The infomercial’s final scene was of a woman, stretching her arms out, head tilted back, as rain poured down, soaking her, purifying her, ridding her of all her toxins. “Your…sexual…health…is…RE…STORED!” the host bellowed, gushing one last time.
“That’s it,” said Mr. Clean, turning the television off. “The company’s global headquarters are in Singapore. That country’s president and first lady are using the products,” he claimed
.
Auntie took a box and removed one of the individually wrapped pads. “Heavenly Happiness” was written across the wrapper. She opened it and removed a white pad that smelled like a cross between Tiger Balm and rotting fruit.
“You put this in your underwear!” she said, giggling. “You peel off the back and stick it to the bottom so that it’s touching your little brother!”
The rest of the room erupted in laughter at Auntie’s vernacular.
“I’ve used them for a few days now,” Auntie announced. “They really work!”
I paused.
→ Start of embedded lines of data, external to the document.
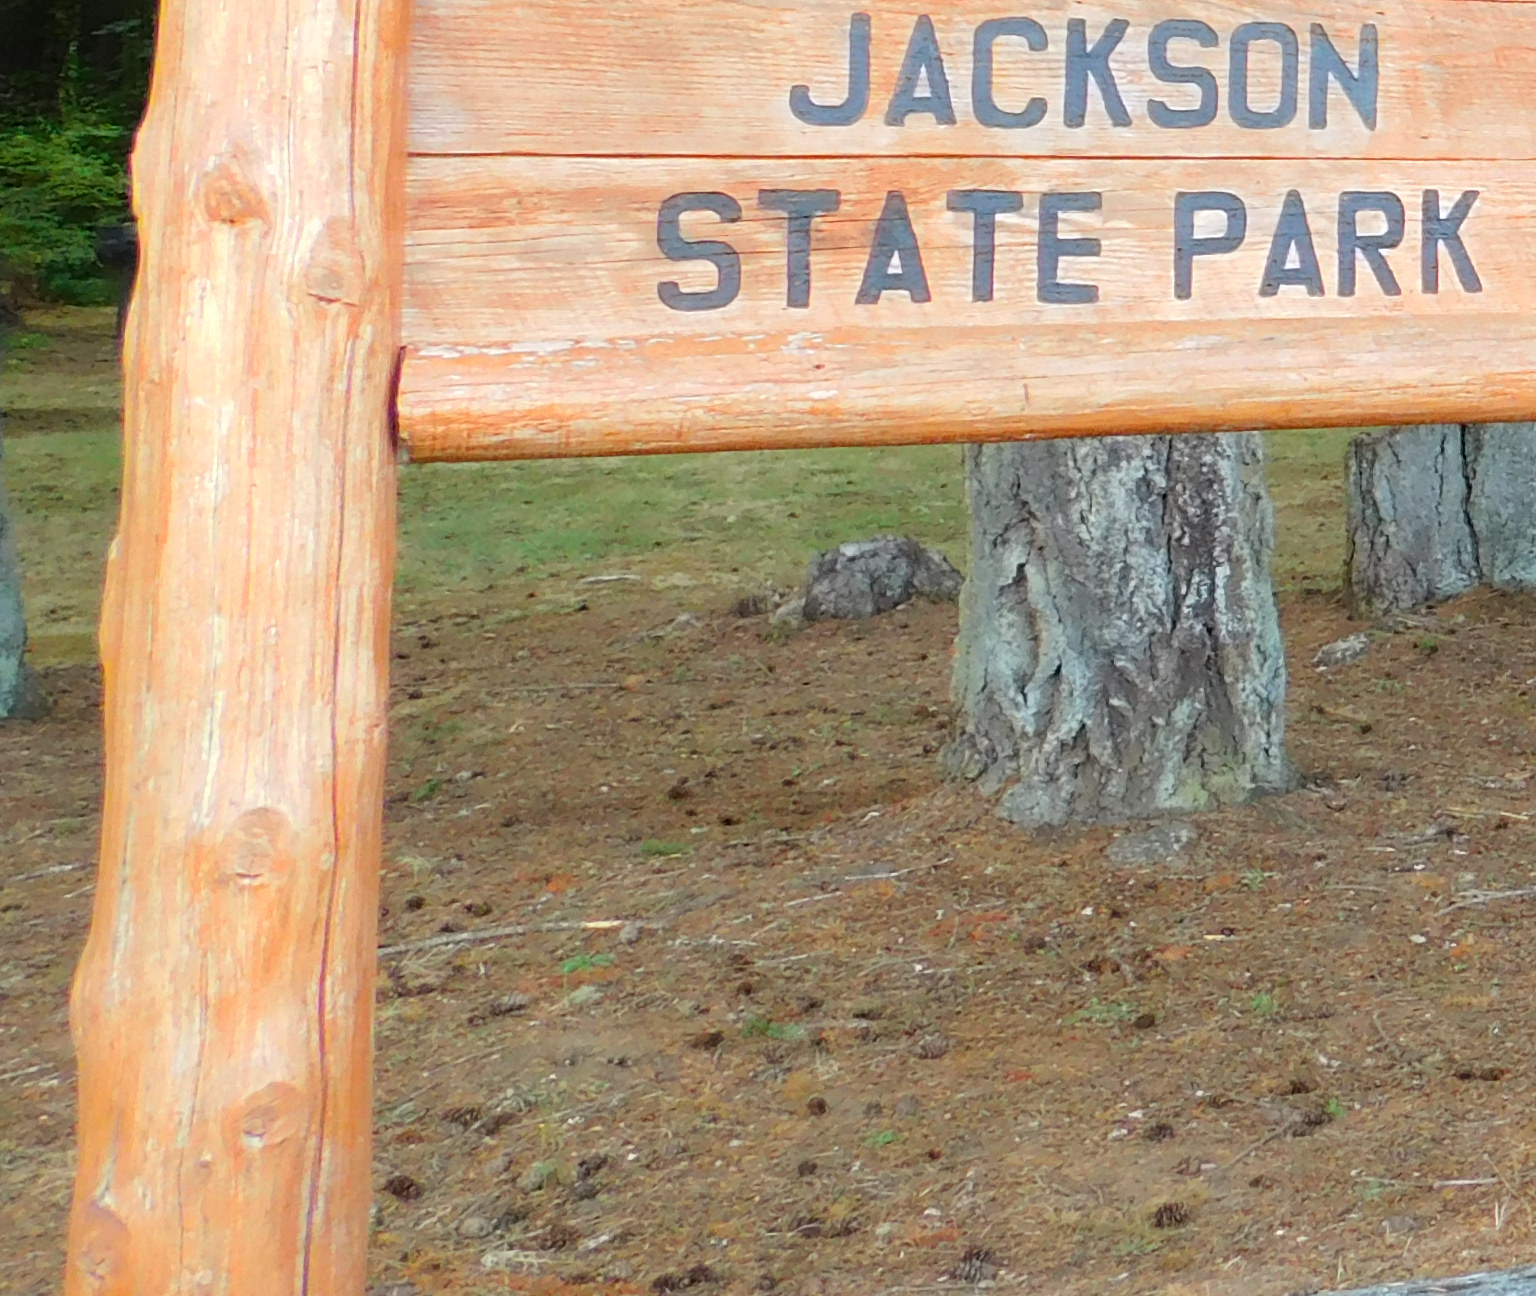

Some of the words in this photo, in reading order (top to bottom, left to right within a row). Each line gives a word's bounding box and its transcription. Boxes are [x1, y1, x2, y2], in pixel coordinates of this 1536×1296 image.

[789, 13, 1380, 130] JACKSON
[657, 190, 1103, 310] STATE
[1173, 190, 1482, 299] PARK
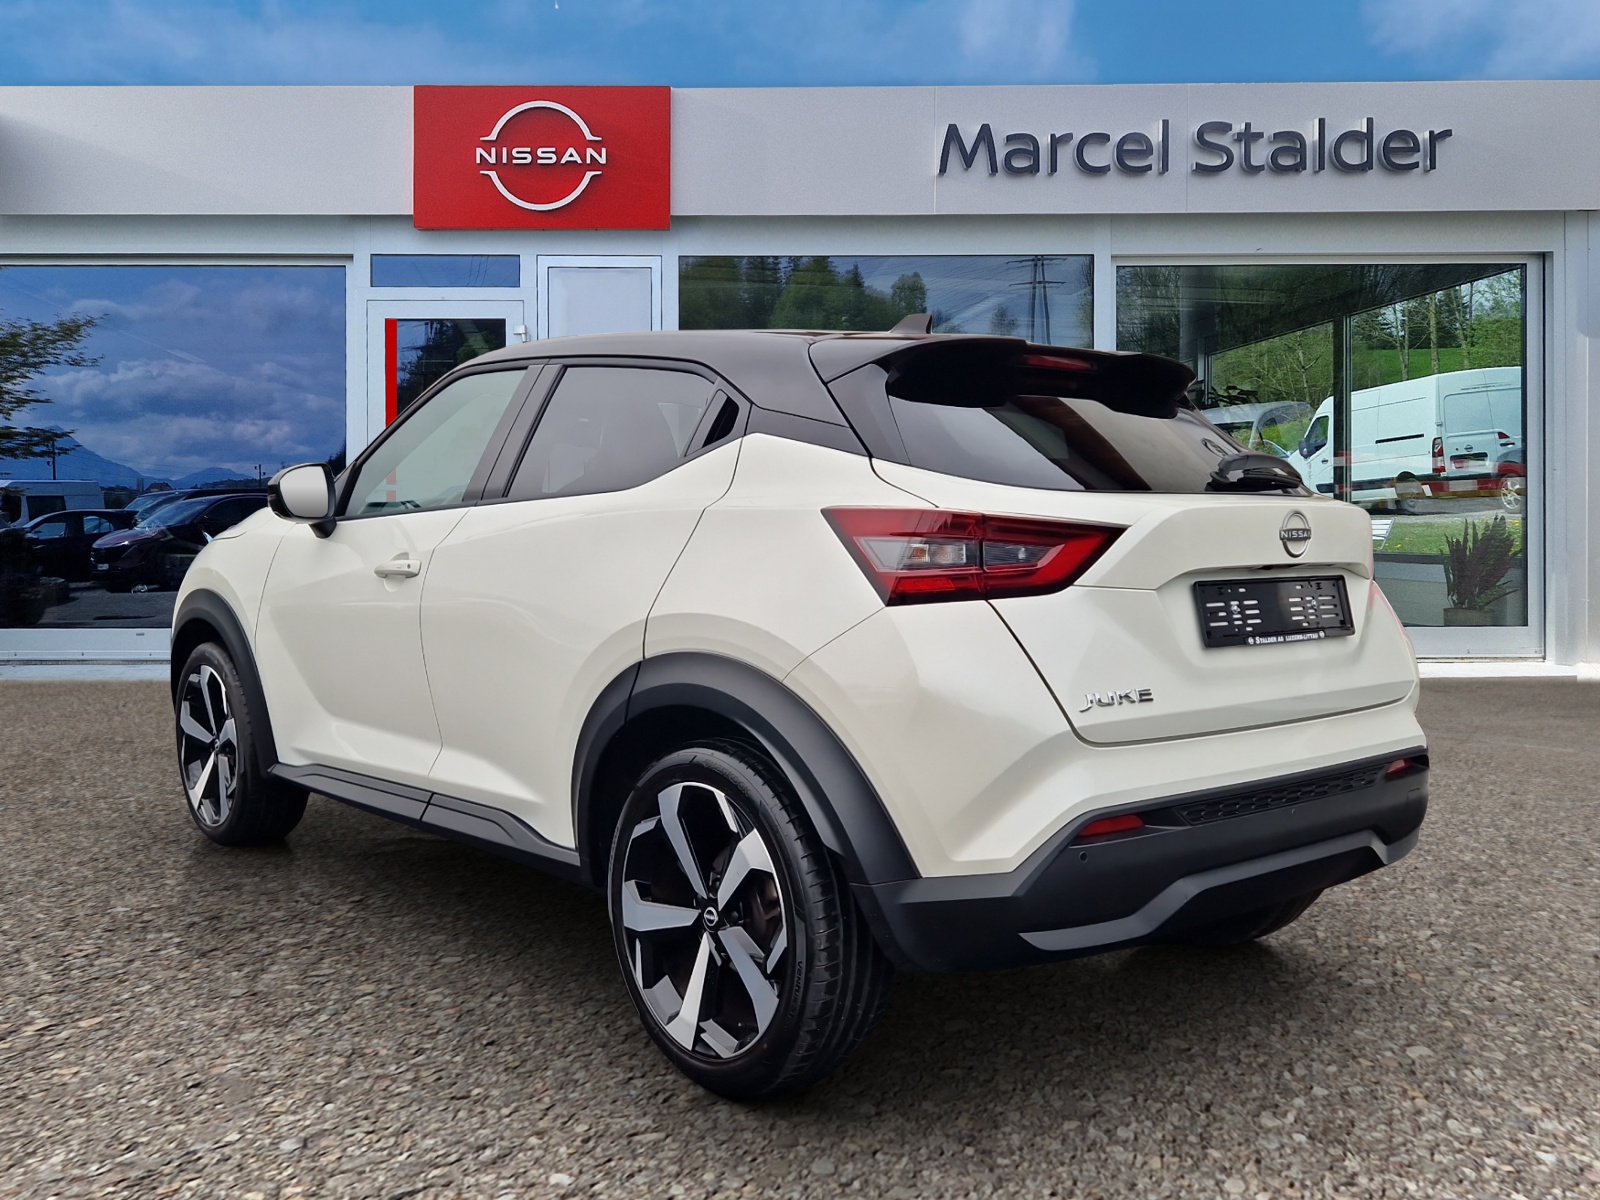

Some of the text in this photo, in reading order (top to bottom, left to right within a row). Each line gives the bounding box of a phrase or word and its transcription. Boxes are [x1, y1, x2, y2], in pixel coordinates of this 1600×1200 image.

[475, 147, 607, 164] NISSAN
[937, 117, 1452, 175] Marcel Stalder
[1280, 530, 1311, 538] NISSAN
[1079, 688, 1154, 713] JUKE
I thought about Auntie and Uncle’s deteriorating relationship. I thought about their separate televisions, and their separate lives. I began to wonder how, exactly, her sex life had improved. Then I shuddered a little and stopped thinking about that.
Mr. Clean handed me a folder. Inside were dozens of photos. Everyone in the room huddled around me as I examined them. The first one was labeled “Male’s Heavenly Happiness Pad after First Use,” and it showed a pad filled with a discharge that bore a resemblance to blackberry jelly.
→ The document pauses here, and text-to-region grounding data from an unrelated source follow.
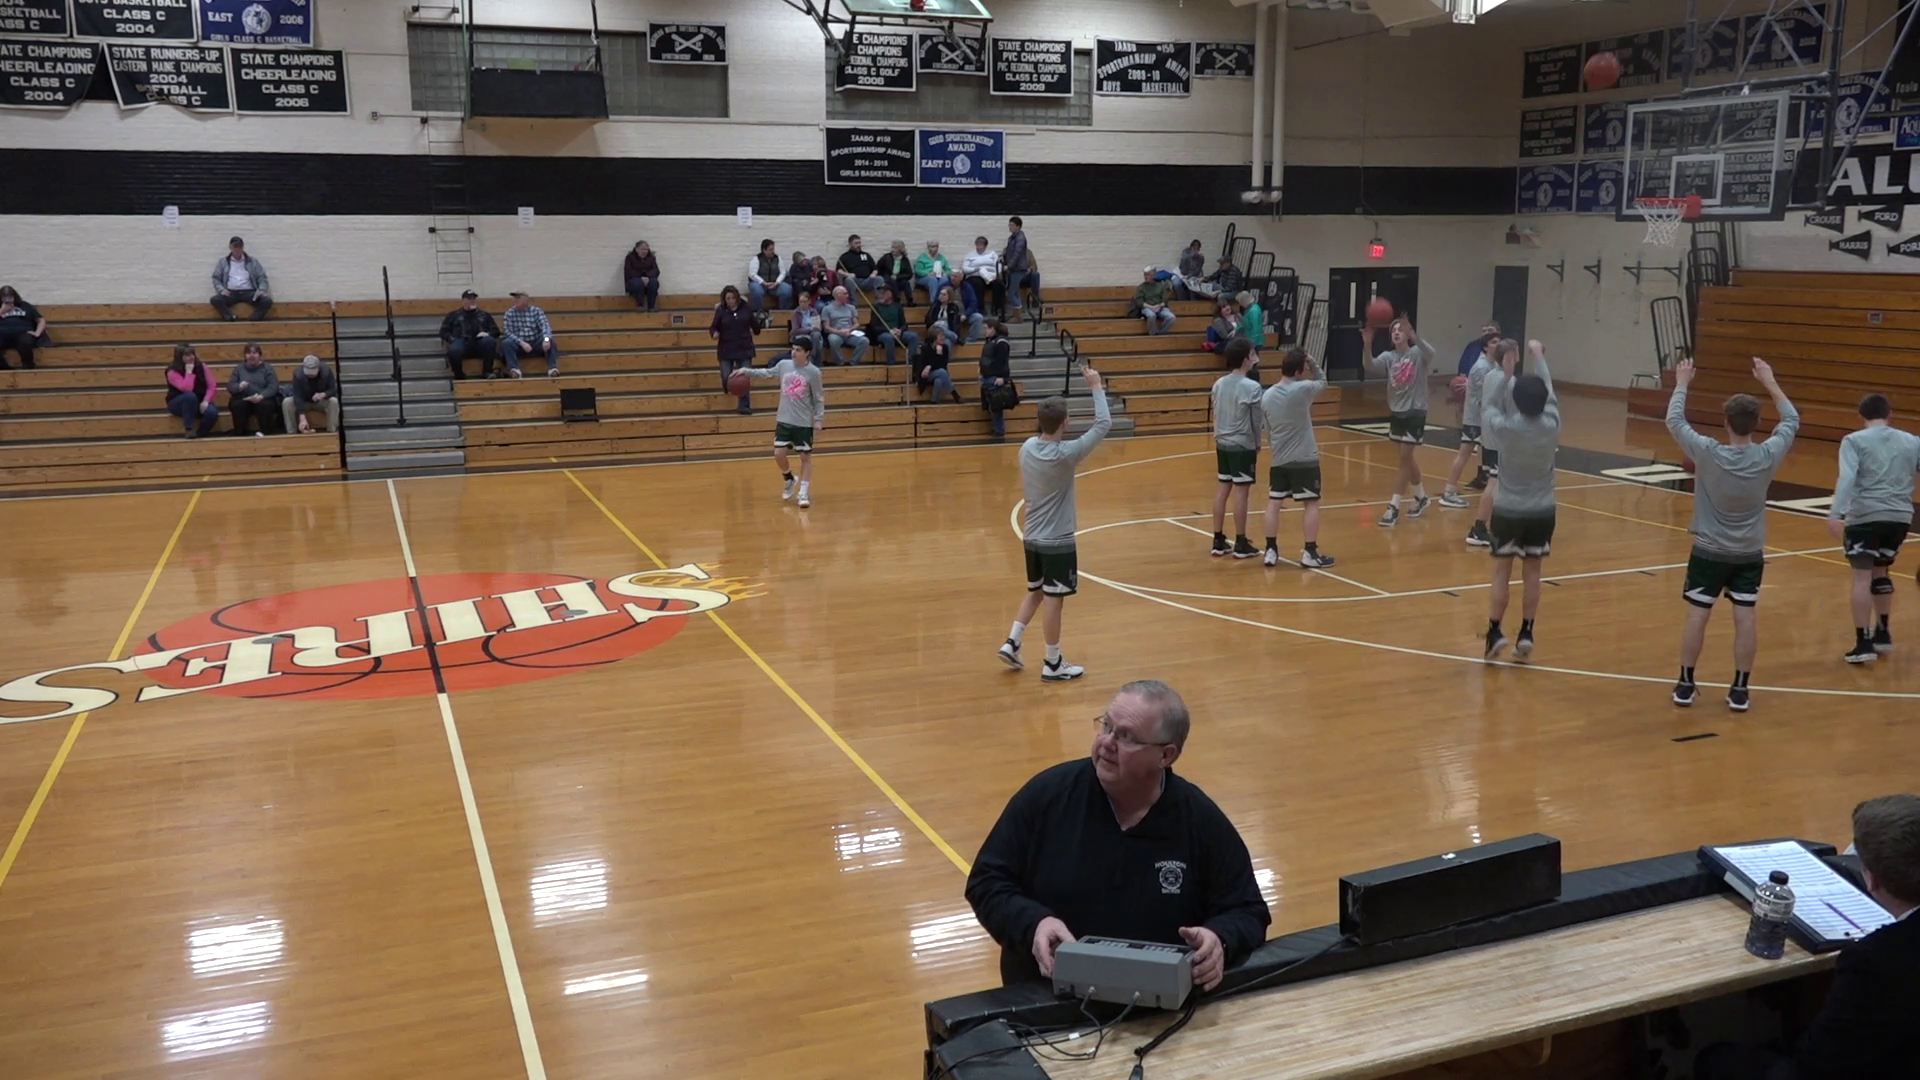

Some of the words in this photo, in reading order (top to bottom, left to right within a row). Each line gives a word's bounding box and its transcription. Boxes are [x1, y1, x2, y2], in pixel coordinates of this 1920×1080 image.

[103, 8, 151, 20] CLASS
[156, 11, 166, 20] C
[207, 11, 234, 22] EAST
[29, 20, 40, 30] C
[115, 23, 155, 34] 2004
[862, 34, 908, 46] CHAMPIONS
[27, 45, 93, 59] CHAMPIONS
[857, 45, 902, 56] CHAMPIONS
[998, 41, 1021, 51] STATE
[1024, 42, 1066, 53] CHAMPIONS
[111, 47, 146, 59] STATE
[150, 49, 220, 61] RUNNERS-UP
[240, 53, 276, 65] STATE
[279, 54, 334, 66] CHAMPIONS
[1003, 52, 1018, 61] PVC
[1021, 53, 1061, 63] CHAMPIONS
[113, 60, 148, 72] EASTERN
[151, 61, 177, 73] MAINE
[180, 63, 223, 74] CHAMPIONS
[877, 57, 908, 67] CHAMPIONS
[1097, 53, 1157, 79] SPORTSMANSHIP
[1165, 58, 1190, 80] AWARD
[870, 67, 877, 76] C
[879, 68, 901, 76] GOLF
[1037, 63, 1067, 73] CHAMPIONS
[149, 74, 188, 84] 2004
[241, 68, 337, 81] CHEERLEADING
[1005, 73, 1030, 81] CLASS
[1040, 74, 1059, 82] GOLF
[10, 76, 60, 87] CLASS
[65, 78, 76, 88] C
[1102, 81, 1121, 92] BOYS
[1141, 82, 1184, 93] BASKETBALL
[261, 84, 305, 94] CLASS
[309, 85, 319, 94] C
[24, 90, 65, 101] 2004
[191, 96, 202, 105] C
[830, 146, 886, 157] SPORTSMANSHIP
[886, 148, 911, 158] AWARD
[947, 143, 976, 152] AWARD
[921, 160, 943, 168] EAST
[945, 160, 952, 168] D
[981, 160, 1001, 168] 2014
[860, 170, 903, 178] BASKETBALL
[1809, 214, 1841, 224] CROUSE
[1874, 211, 1899, 221] FORD
[1839, 241, 1868, 250] HARRIS
[0, 563, 730, 724] SHIRES
[1154, 861, 1187, 869] HOULTON
“Wah!” Auntie shouted while we all stared at it together.
“What’s that?” I asked, pointing at the black jelly.
“Toxic discharge!” shouted Mr. Clean from the other side of the room.
I winced. “You mean this came out of his…”
“Yes! His little brother!”
More laughter. People passed around the photo, impressed with Heavenly Happiness’s results. It looked more like Hellish Misery.
The Chinese typically weren’t squeamish about bodily discharges. The gory images of bodies mangled in traffic accidents were commonplace on local television news, and I had once been treated at a hospital that, in its waiting room, displayed a series of gruesome photos of a farmer who had managed to impale his skull with a steel pole. A poster described how the hospital’s talented team of doctors had successfully treated the unfortunate man.
Mr. Clean passed the photo back to me and I glanced at it again.